Publié le 5 novembre 2025 à 06h35. L’avenir de Christian Horner en Formule 1 reste incertain après son départ de Red Bull, mais une chose est sûre : son successeur, Laurent Mekies, semble avoir pris ses marques, ce qui pourrait dissuader l’ancien directeur sportif de revenir à un rôle de chef d’équipe traditionnel.
- Christian Horner pourrait rejoindre une autre équipe de Formule 1 à partir de 2026, après avoir trouvé un accord avec Red Bull.
- Martin Brundle, expert de Sky Sports F1, estime qu’Horner ne souhaitera pas reprendre un rôle de chef d’équipe classique.

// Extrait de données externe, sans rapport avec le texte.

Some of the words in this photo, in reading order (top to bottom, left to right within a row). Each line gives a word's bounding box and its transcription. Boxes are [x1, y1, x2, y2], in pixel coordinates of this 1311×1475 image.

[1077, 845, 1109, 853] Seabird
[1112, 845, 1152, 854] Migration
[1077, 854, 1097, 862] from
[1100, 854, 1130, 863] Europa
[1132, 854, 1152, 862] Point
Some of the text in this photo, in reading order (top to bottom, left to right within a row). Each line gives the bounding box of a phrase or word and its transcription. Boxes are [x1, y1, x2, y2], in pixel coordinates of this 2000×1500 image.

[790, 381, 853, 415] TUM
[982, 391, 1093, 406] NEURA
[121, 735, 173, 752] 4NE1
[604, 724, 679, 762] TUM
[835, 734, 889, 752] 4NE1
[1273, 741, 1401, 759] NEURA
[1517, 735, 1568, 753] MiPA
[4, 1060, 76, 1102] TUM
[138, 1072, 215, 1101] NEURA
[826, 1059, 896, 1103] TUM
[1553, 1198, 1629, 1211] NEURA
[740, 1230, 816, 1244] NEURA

- Les équipes de F1 privilégient de plus en plus des directeurs ayant une formation technique ou en ingénierie.
Alors que les spéculations vont bon train quant à la prochaine étape de la carrière de Christian Horner, après son départ de Red Bull, une tendance claire se dessine au sein de la Formule 1 : l’évolution du rôle de chef d’équipe. Horner est désormais libre de travailler pour une écurie concurrente à partir de 2026, après avoir trouvé un accord avec son ancien employeur, mais selon Martin Brundle, ancien pilote et actuel consultant pour Sky Sports, il est peu probable qu’il revienne à un poste de direction opérationnelle.

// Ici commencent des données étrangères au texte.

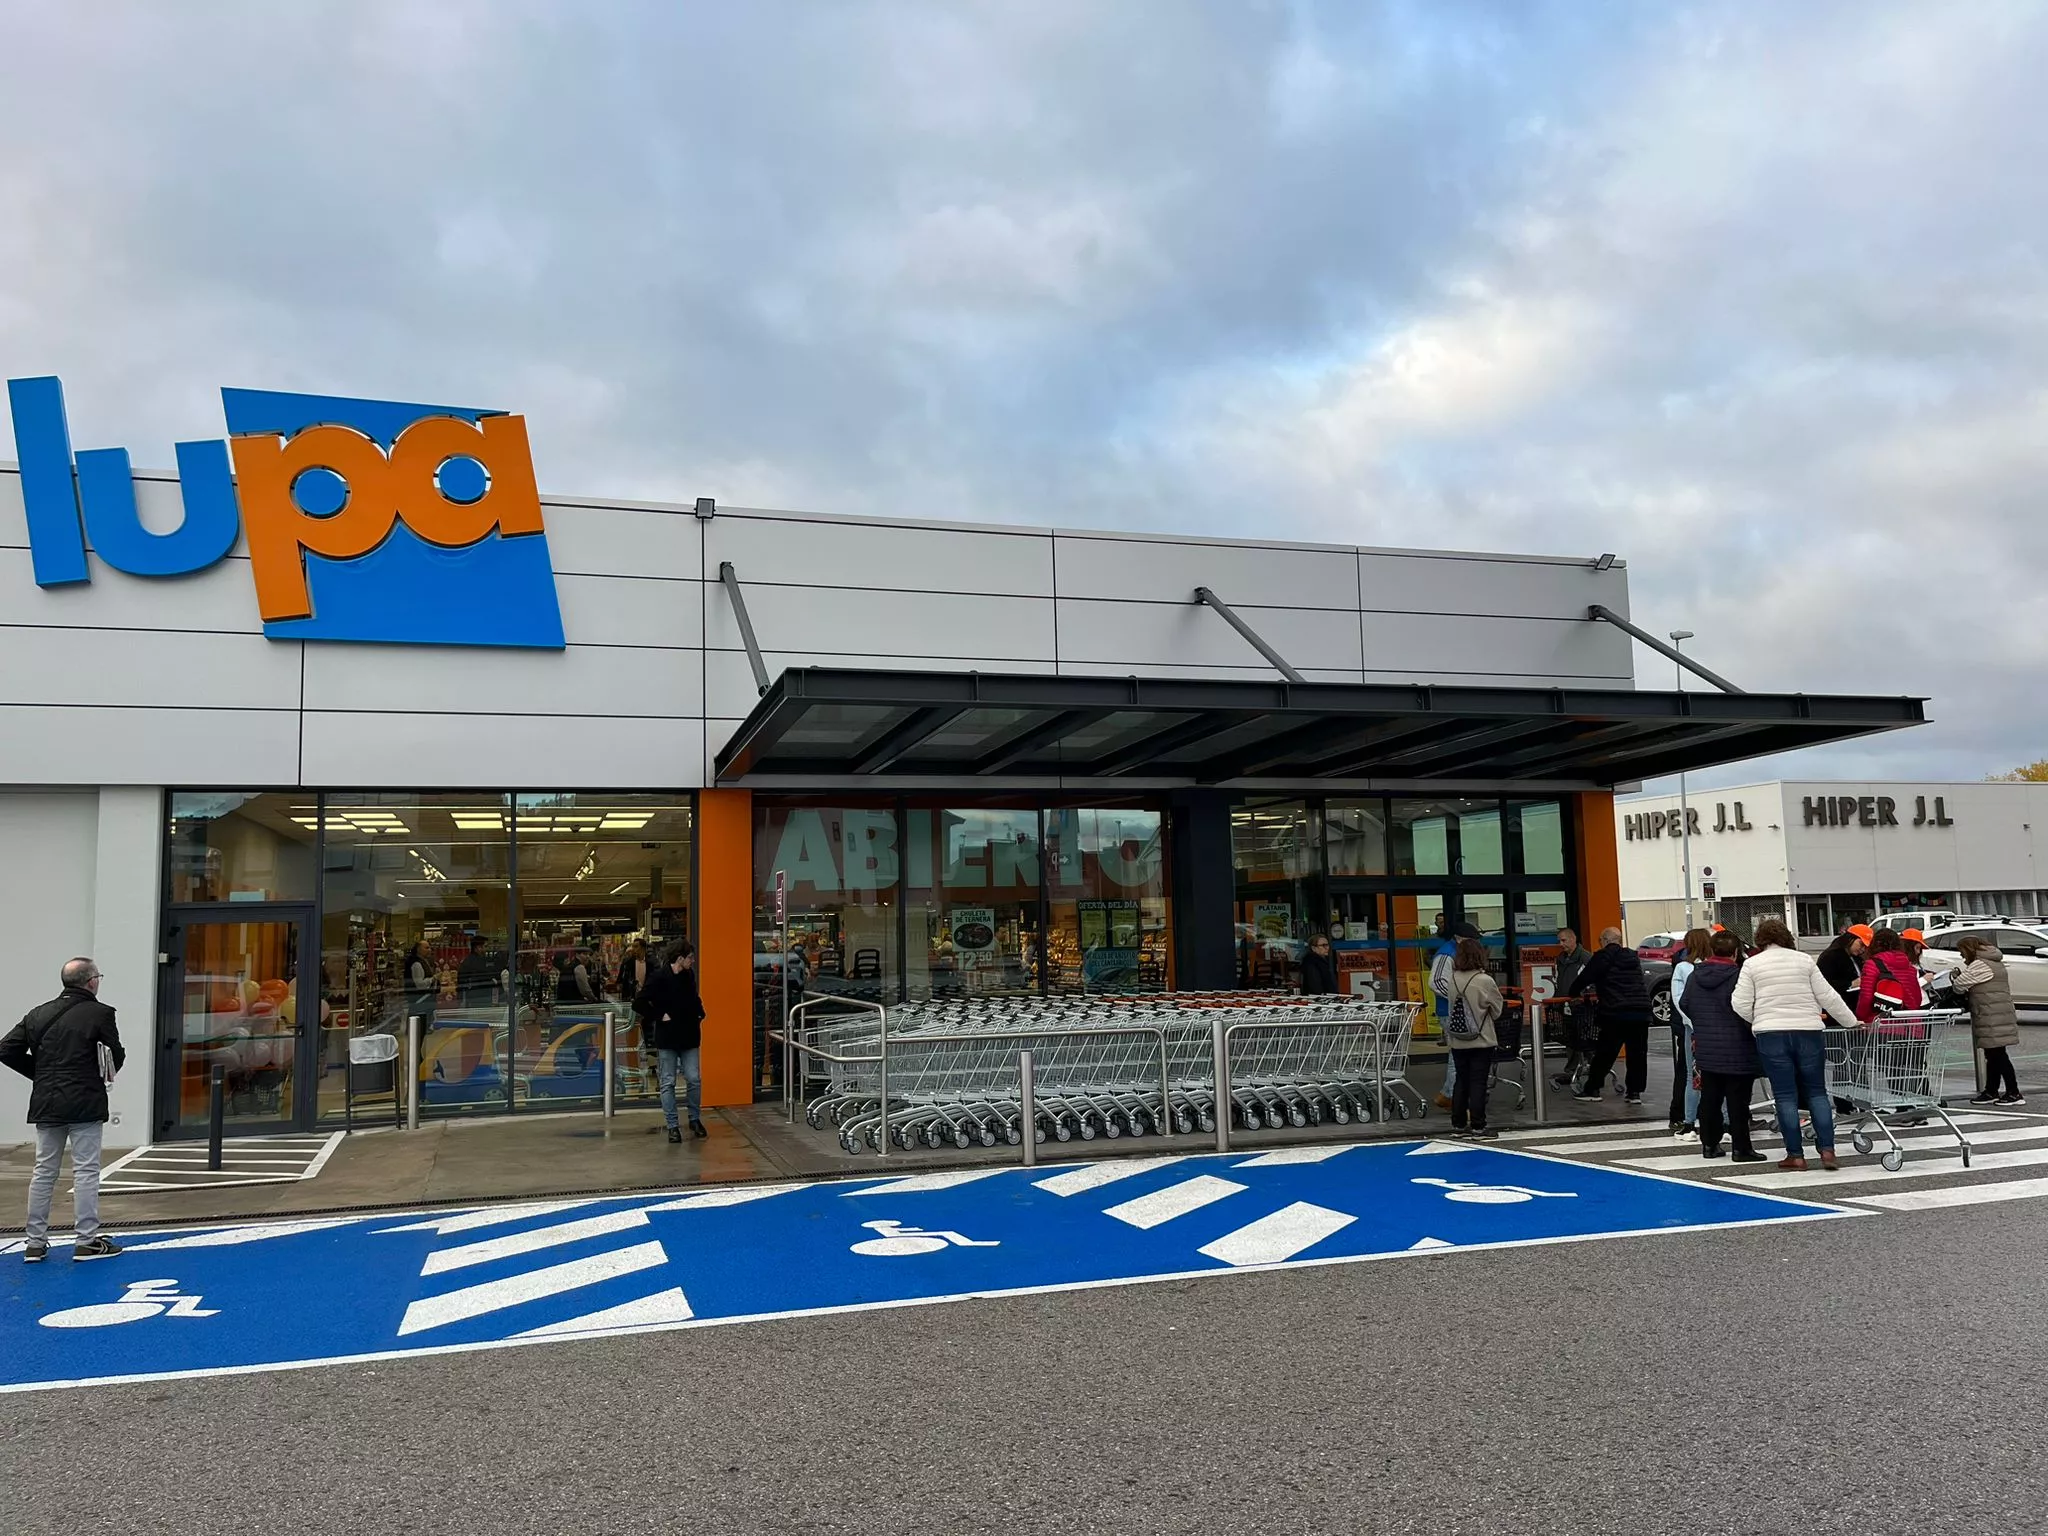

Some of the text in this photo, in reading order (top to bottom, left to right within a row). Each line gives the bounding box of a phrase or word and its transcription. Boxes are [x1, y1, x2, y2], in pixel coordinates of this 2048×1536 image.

[7, 375, 545, 623] lupa
[1624, 801, 1753, 842] HIPER J.L
[1802, 795, 1954, 827] HIPER J.L
[1079, 900, 1138, 910] OFERTA DEL DÍA
[1340, 960, 1385, 968] DESCUENTO

Brundle met en avant la performance de Laurent Mekies, le nouveau directeur de Red Bull, comme un facteur déterminant.
« Je suis très impressionné ; il aborde la tâche avec une maturité remarquable. Son ego est pratiquement inexistant. Nous voyons une nouvelle génération de chefs d’équipe ces jours-ci, n’est-ce pas ? C’est exactement pourquoi Christian [Horner] ne veut pas revenir en tant que chef d’équipe. »
Martin Brundle, expert Sky Sports F1
Selon Brundle, une solide formation en ingénierie est désormais essentielle pour gérer les équipes de course modernes, composées de spécialistes hautement qualifiés. Il souligne également le soutien politique dont bénéficie Mekies, notamment de la part de Helmut Marko.

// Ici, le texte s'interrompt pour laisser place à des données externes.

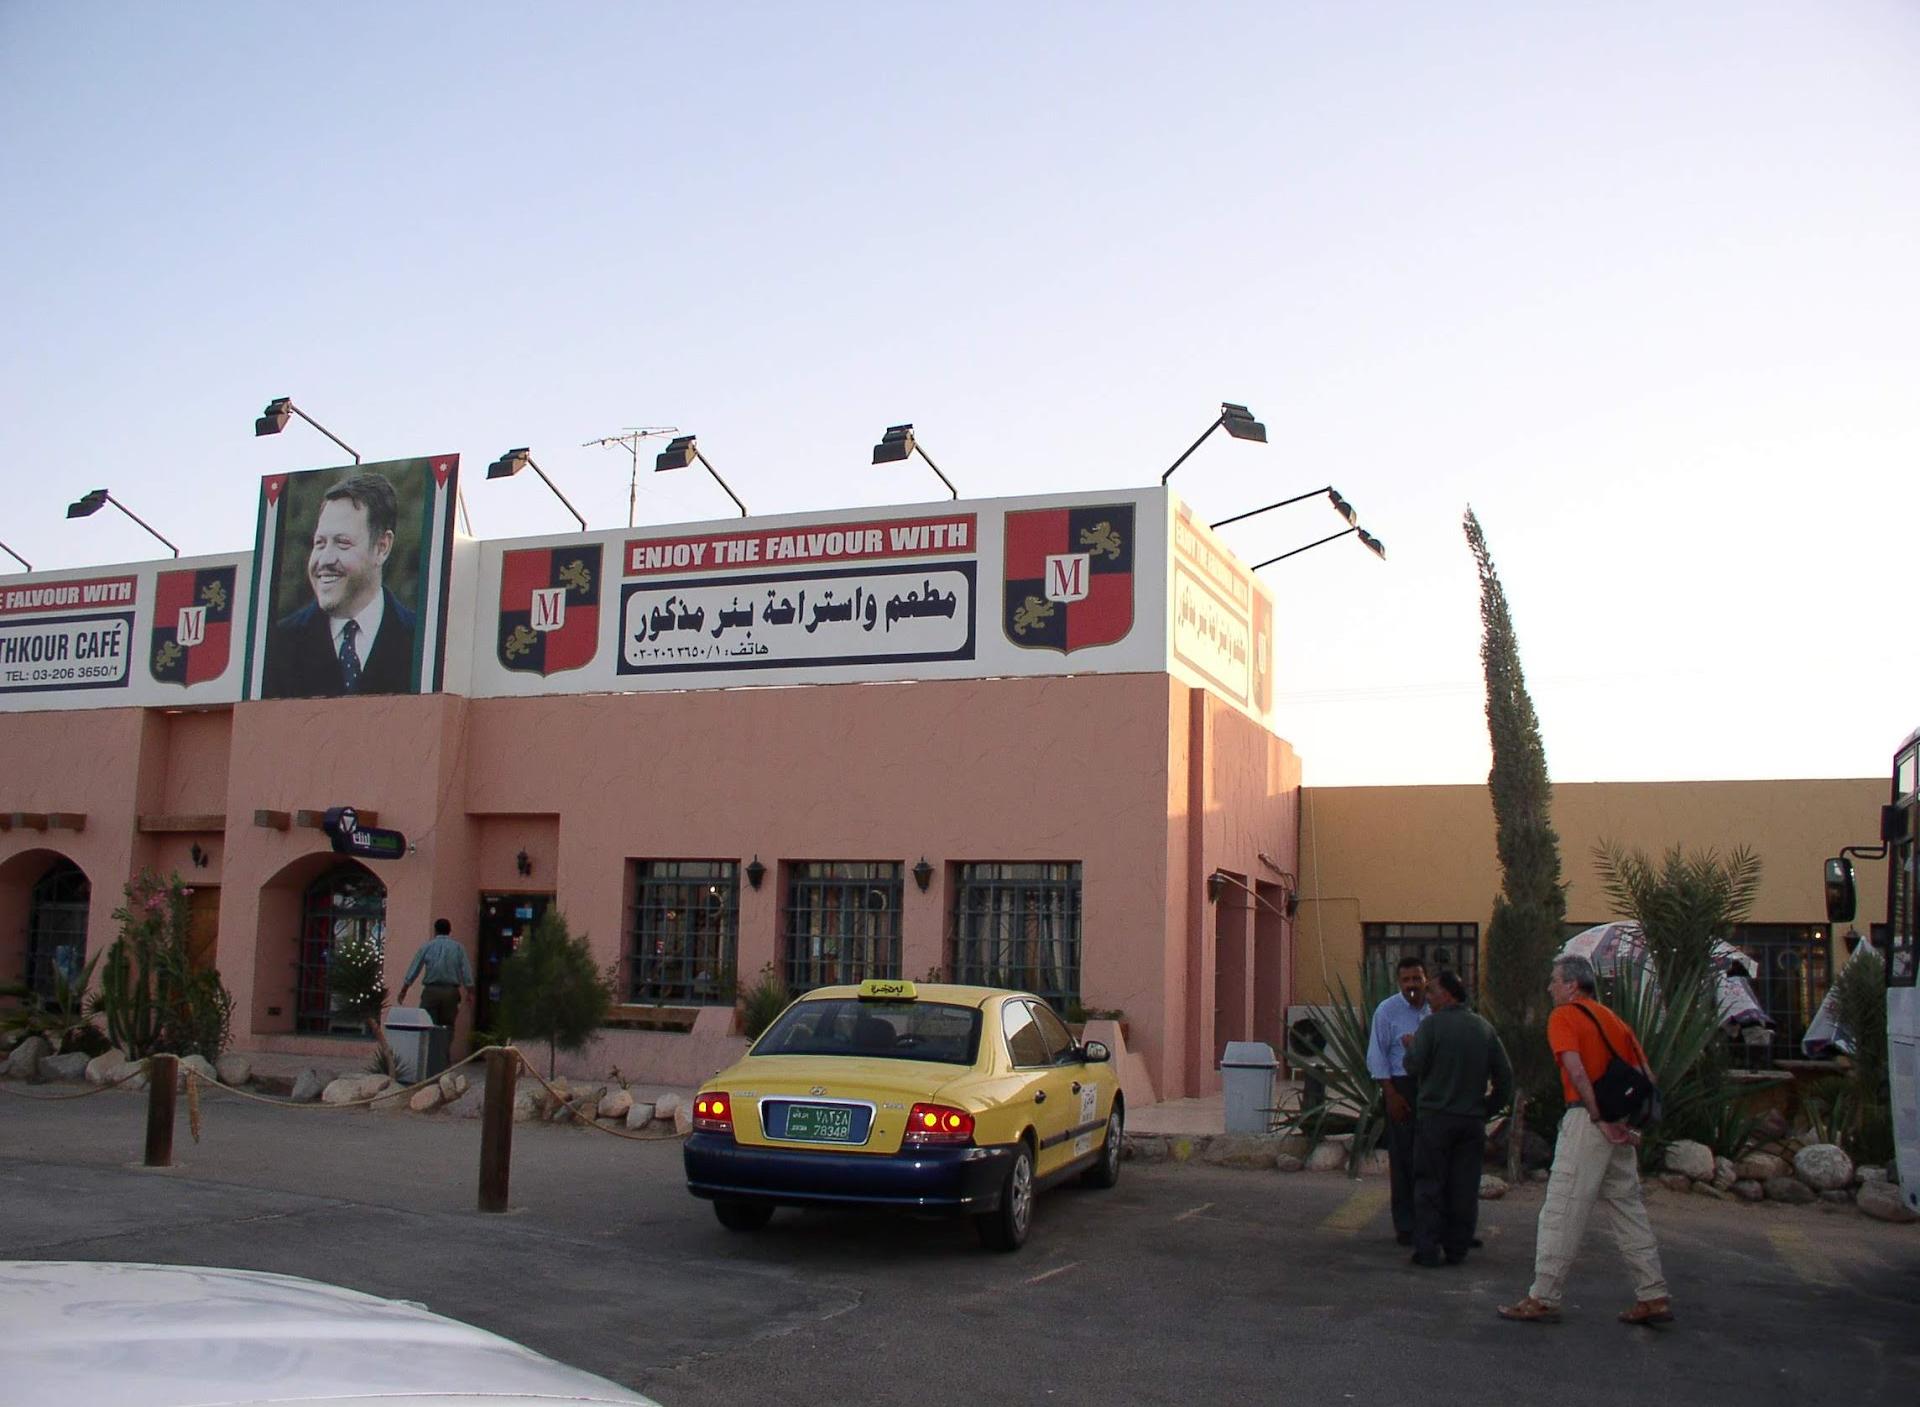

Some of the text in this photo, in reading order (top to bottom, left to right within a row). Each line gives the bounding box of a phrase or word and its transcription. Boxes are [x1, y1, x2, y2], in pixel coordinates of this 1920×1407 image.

[632, 523, 967, 570] ENJOY THE FALVOUR WITH
[1052, 558, 1083, 596] M
[6, 587, 80, 608] FALVOUR
[83, 582, 131, 602] WITH
[536, 592, 560, 626] M
[634, 580, 956, 643] مطعم واستراحة بئر مذكور
[75, 622, 122, 660] CAFÉ
[180, 610, 201, 641] M
[6, 666, 117, 681] TEL: 03-206 3650/1
[814, 1125, 847, 1137] 78348

Cette évolution s’accompagne d’une prise de décision plus collaborative, notamment en ce qui concerne des choix cruciaux comme la sélection des pilotes pour 2026. Red Bull a retardé l’annonce de ses pilotes pour 2026, ce qui illustre cette nouvelle approche.
Plusieurs équipes adoptent déjà ce modèle, privilégiant des leaders issus du domaine technique. Ayao Komatsu, le directeur de l’équipe Haas, a par exemple une longue expérience en tant que chef du département d’ingénierie des pistes, ainsi qu’en tant qu’ingénieur pneus et performances chez BAR, Renault et Lotus. Jonathan Wheatley, le directeur de l’équipe Red Bull, a également une solide expérience en tant que directeur sportif et chef mécanicien chez Benetton et Renault. Alan Permane, à la tête de Racing Bulls, a quant à lui une longue carrière en tant que directeur sportif, chef de l’exploitation et ingénieur de course senior chez Alpine.
Ces expériences, riches en compétences techniques, semblent désormais plus valorisées que le profil de Christian Horner, qui n’a pas ce type de formation.